Baden-Baden, 27. Juli 1929. "Der Lindberghflug" wird uraufgeführt. Gut zwei Jahre zuvor war dem amerikanischen Piloten Charles Lindbergh die erste Non-Stop-Alleinüberquerung des Atlantiks gelungen. Eine Weltsensation der modernen Technik und somit genau der richtige Stoff für ein Stück, das speziell für das moderne Medium des öffentlichen Rundfunks geschaffen wurde: "Der Lindberghflug", eine "radiophonische Kantate".

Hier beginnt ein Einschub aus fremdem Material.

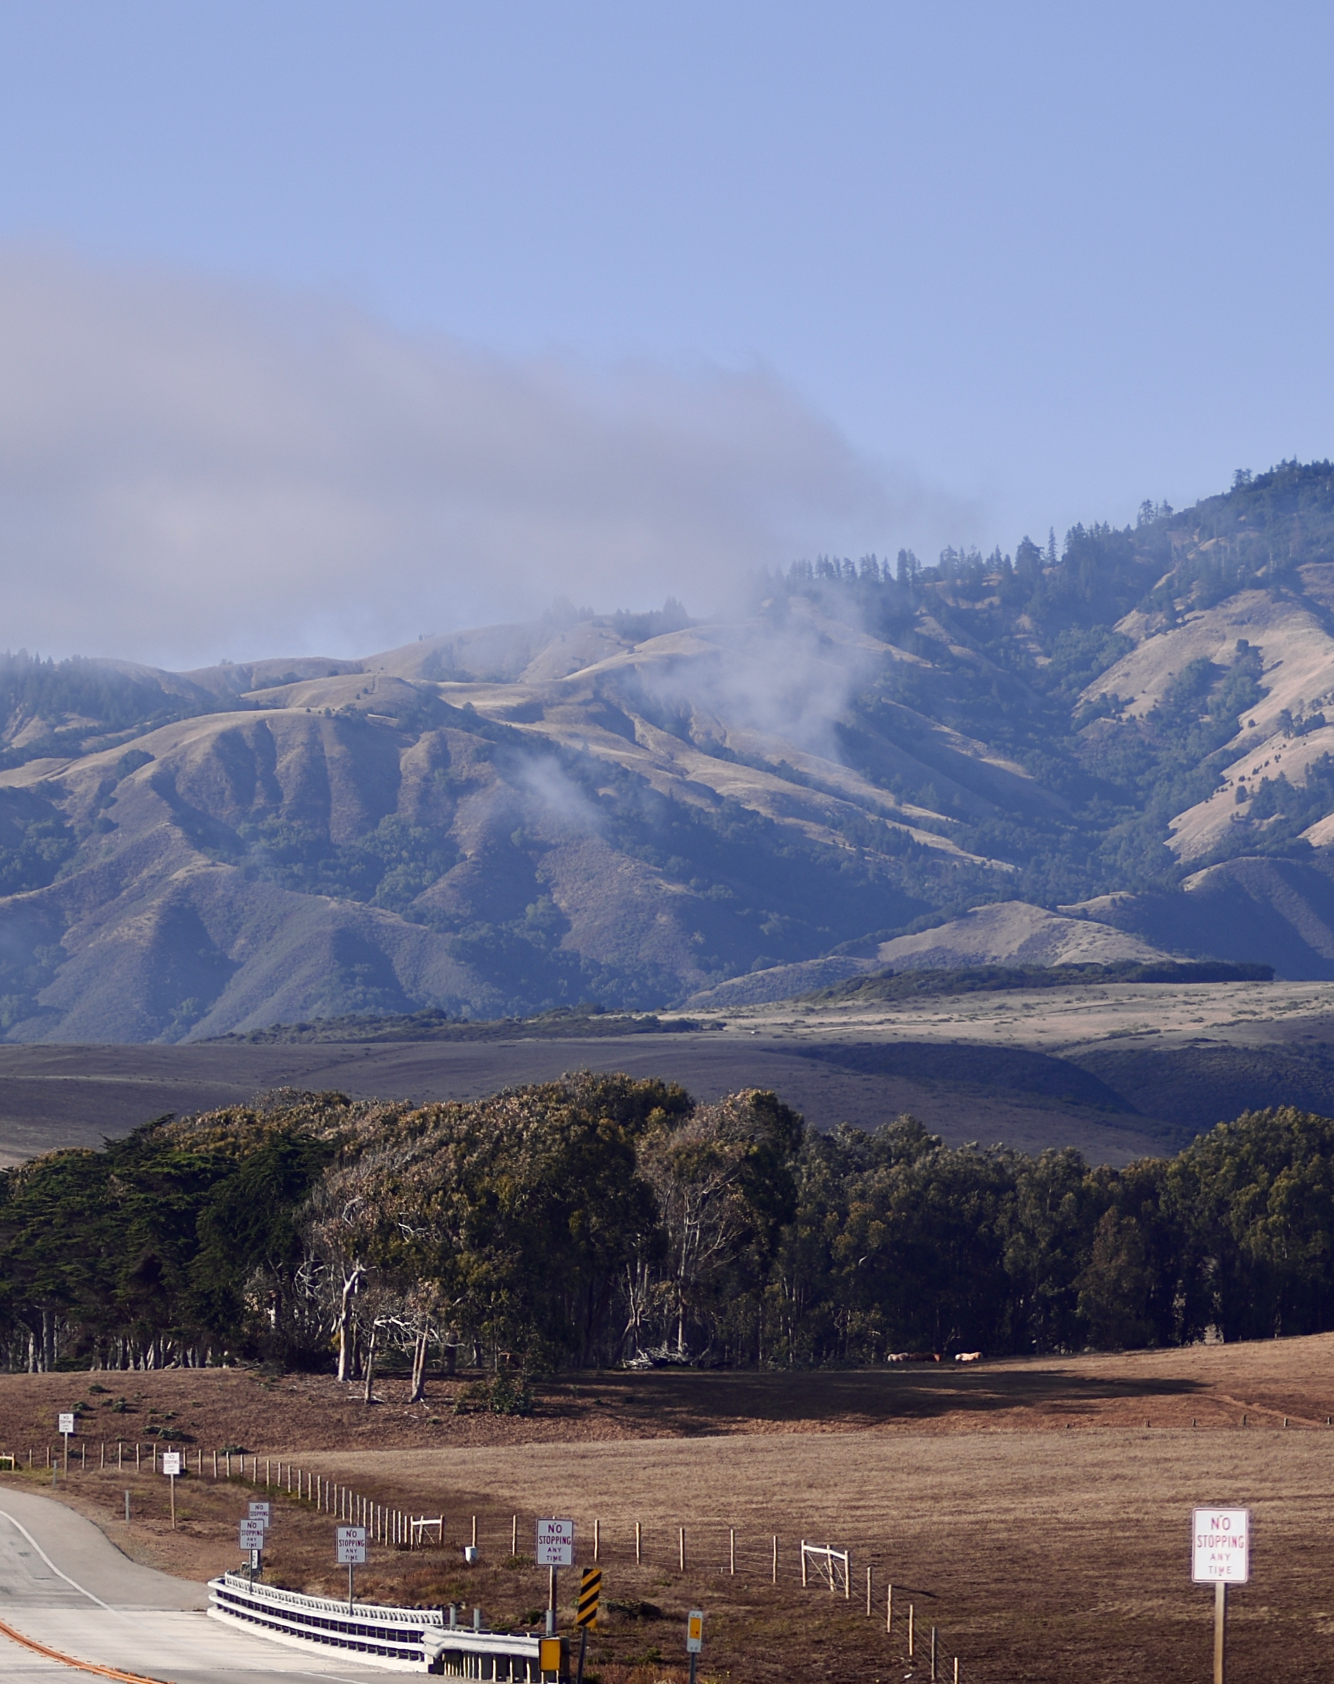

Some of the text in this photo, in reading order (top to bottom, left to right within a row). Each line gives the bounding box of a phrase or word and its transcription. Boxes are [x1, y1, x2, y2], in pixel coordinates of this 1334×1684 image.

[1210, 1517, 1231, 1530] NO
[548, 1524, 562, 1533] NO
[346, 1530, 358, 1538] NO
[339, 1539, 364, 1547] STOPPING
[539, 1535, 571, 1545] STOPPING
[1196, 1535, 1244, 1548] STOPPING
[1210, 1553, 1231, 1561] ANY
[1208, 1566, 1232, 1574] TIME
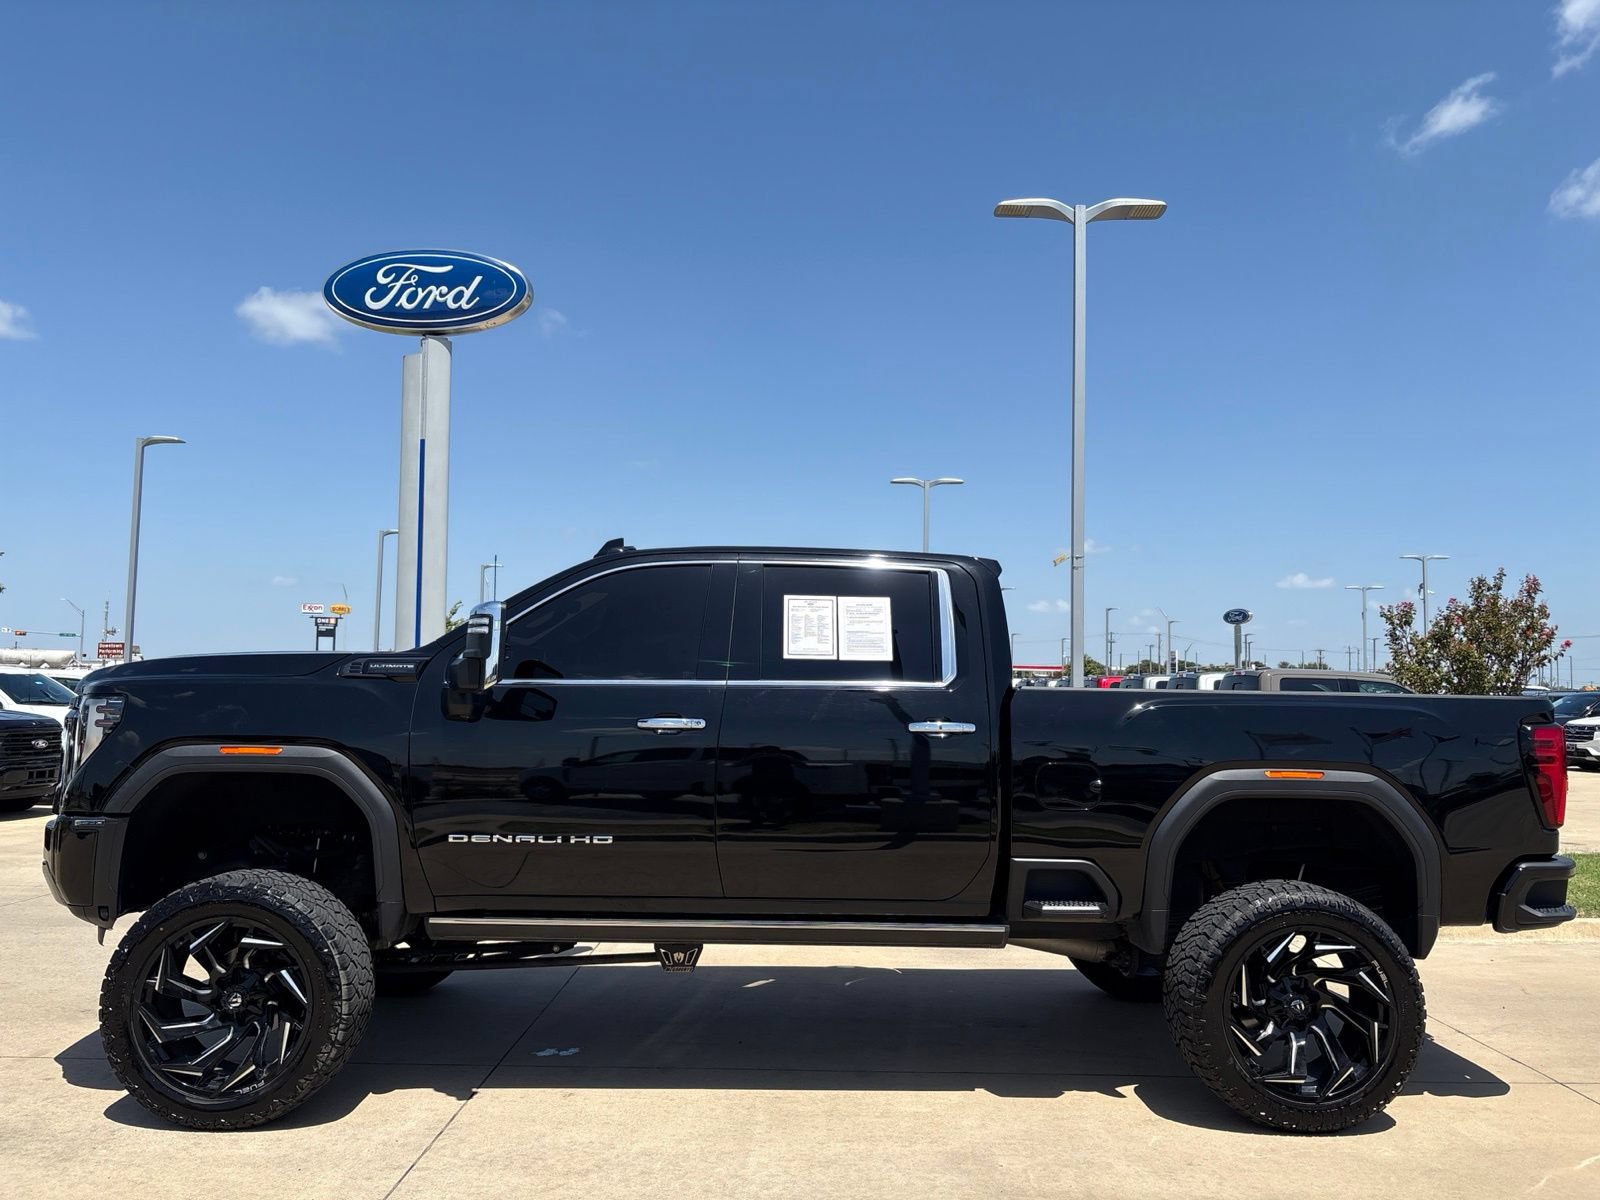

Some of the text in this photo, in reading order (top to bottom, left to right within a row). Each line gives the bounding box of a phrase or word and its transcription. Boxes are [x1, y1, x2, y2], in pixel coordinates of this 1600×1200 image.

Charles Lindbergh vor seinem Flugzeug "Spirit of St. Louis" im Jahr 1927 | Bildquelle: picture-alliance/dpa

Bildquelle: picture-alliance/dpa

Die Komposition stammte zu gleichen Teilen von Kurt Weill und Paul Hindemith, den Text schrieb Bertolt Brecht. Darin erhält nicht nur der Flieger selbst eine Stimme, sondern auch die amerikanischen Presse, die Stadt New York, der europäische Kontinent sowie Nebel, Schneesturm und Müdigkeit, mit denen Lindbergh auf seinem 33-stündigen Flug zu kämpfen hatte. Zentral ist das Gespräch des Piloten mit dem brummenden Motor – schließlich sollte nicht ein Einzelner heroisiert werden, sondern die kollektive Fortschrittsleistung der Menschheit.

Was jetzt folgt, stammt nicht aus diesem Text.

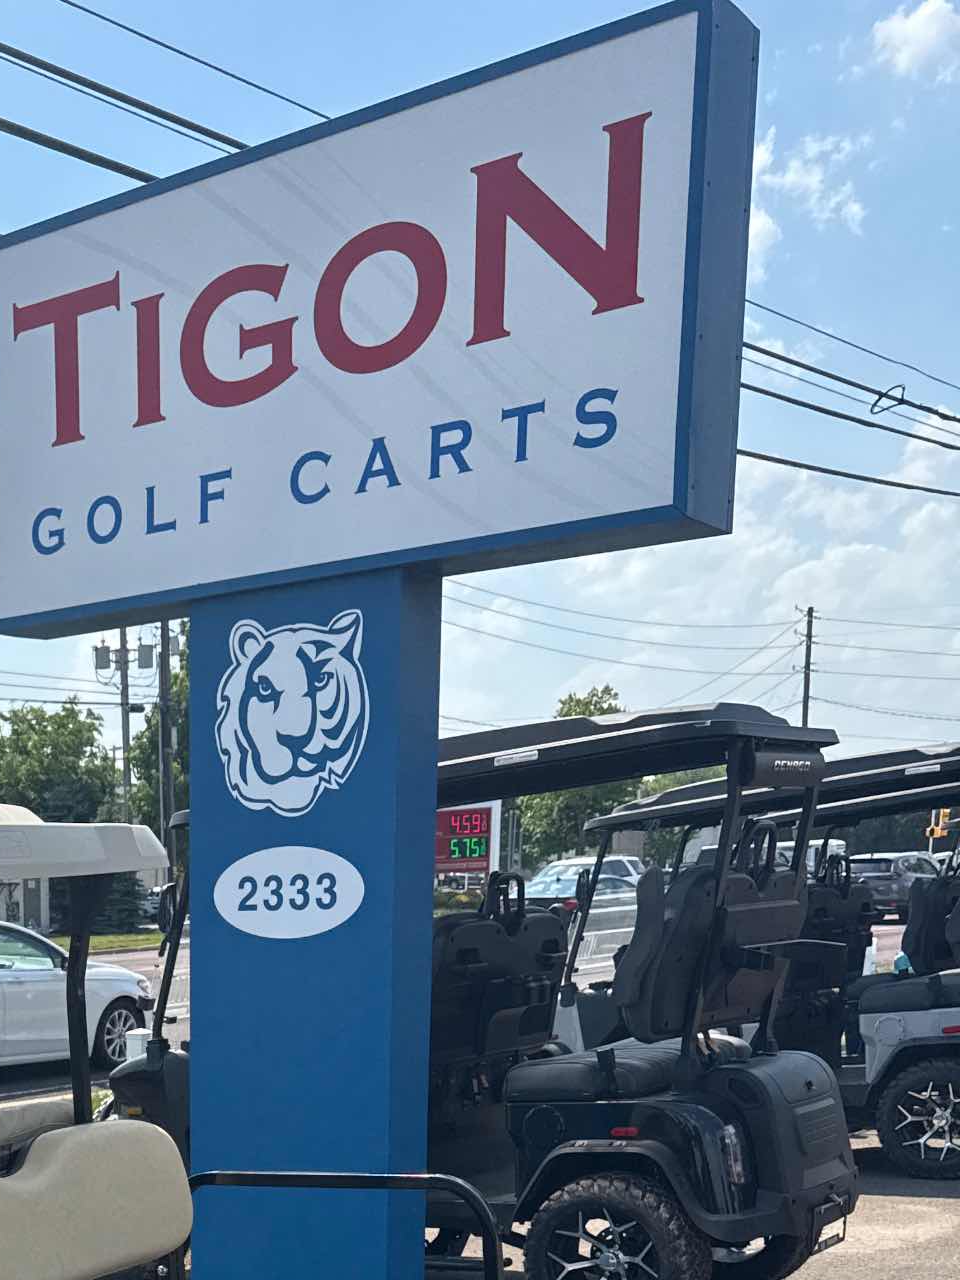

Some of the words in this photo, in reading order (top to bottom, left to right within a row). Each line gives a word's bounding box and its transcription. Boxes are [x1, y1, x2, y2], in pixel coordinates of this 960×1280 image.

[12, 111, 653, 447] TIGON
[32, 469, 232, 555] GOLF
[290, 388, 619, 504] CARTS
[238, 872, 337, 911] 2333
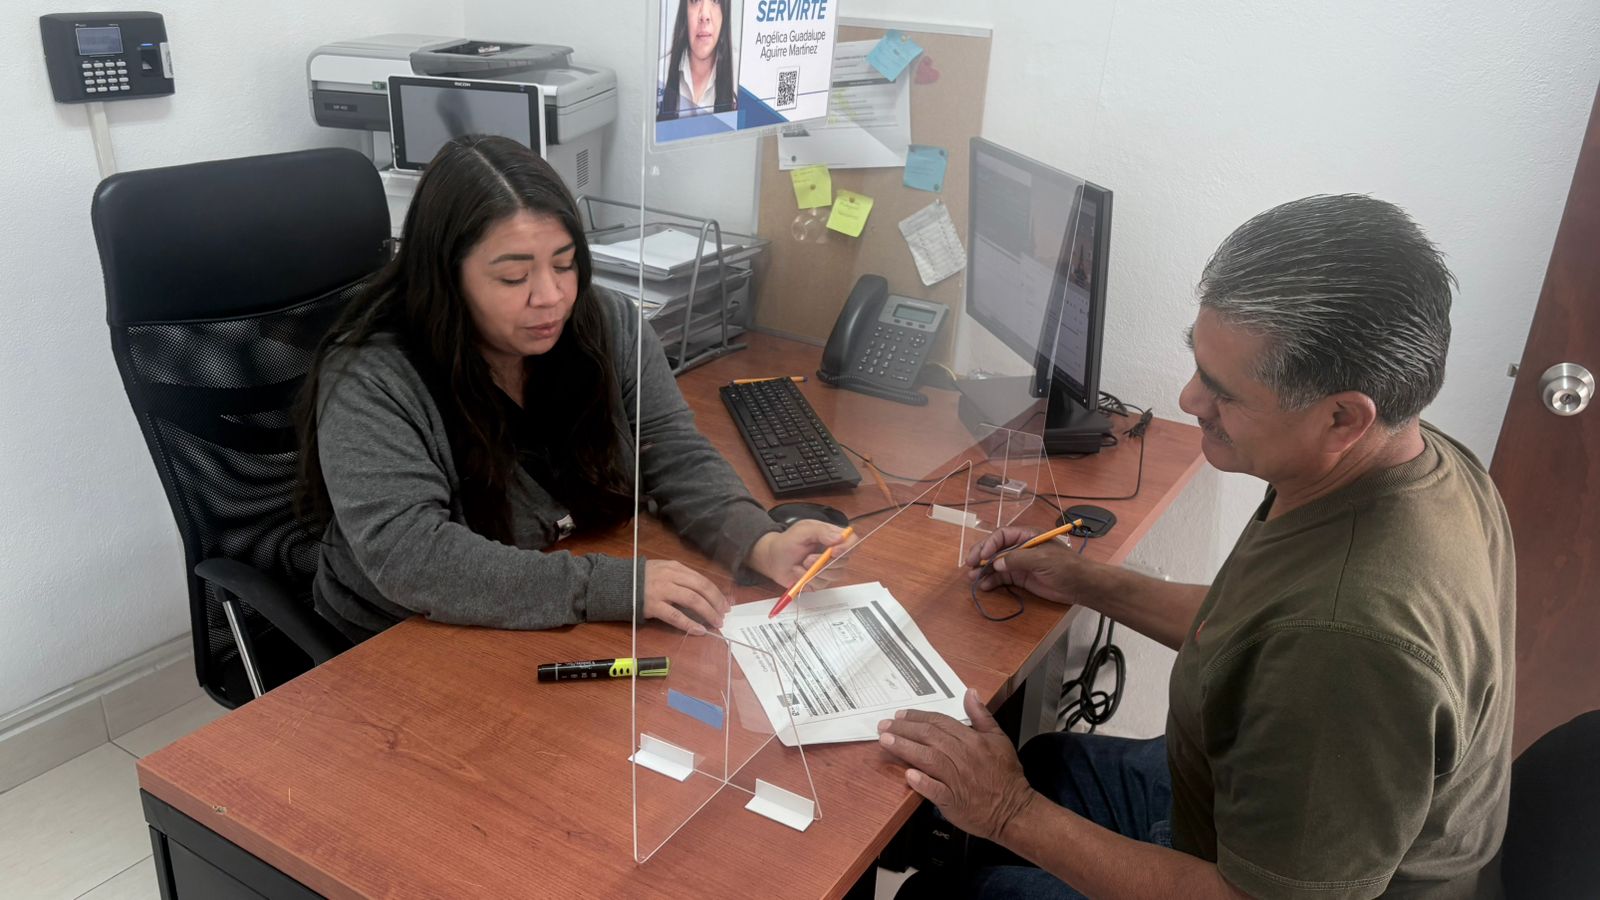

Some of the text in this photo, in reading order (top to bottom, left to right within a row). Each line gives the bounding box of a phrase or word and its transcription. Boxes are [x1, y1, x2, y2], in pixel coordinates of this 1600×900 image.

[756, 0, 827, 22] SERVIRTE
[756, 29, 826, 47] Angélica Guadalupe
[760, 43, 818, 61] Aguirre Martínez

Das Radio als Kommunikationsapparat

Heiß diskutiert wurde in den 20er Jahren über Beschaffenheit und Aufgaben einer radiospezifischen Musik: Sie sollte sich stilistisch an einem massentauglichen Unterhaltungsniveau und klanglich an den Möglichkeiten der damaligen Übertragungstechnik orientieren. Doch Brecht wollte mehr: Das Radio sollte kein Distributionsapparat, sondern ein Kommunikationsapparat sein: Der Hörer sollte – versorgt mit dem Aufführungsmaterial – die ausgesparte Partie des Fliegers Lindbergh übernehmen und sich somit aktiv beteiligen.

Die Erstsendung im Radio war 1930

So die theoretische Idee, die in einigen "Mitmachformaten" wie der "Volksliedsingstunde" – einer Art Karaoke mit Bildungsauftrag – eine kurzzeitige Fortsetzung fand. Allerdings wurde sie weder bei der durch Lautsprecher zum Publikum übertragenen Uraufführung des "Lindberghflugs" beim Kammermusikfest Baden-Baden umgesetzt noch bei der Erstsendung in der Berliner Funkstunde im März 1930. Es blieb ein interessantes Experiment aus der Pionierzeit des Rundfunks.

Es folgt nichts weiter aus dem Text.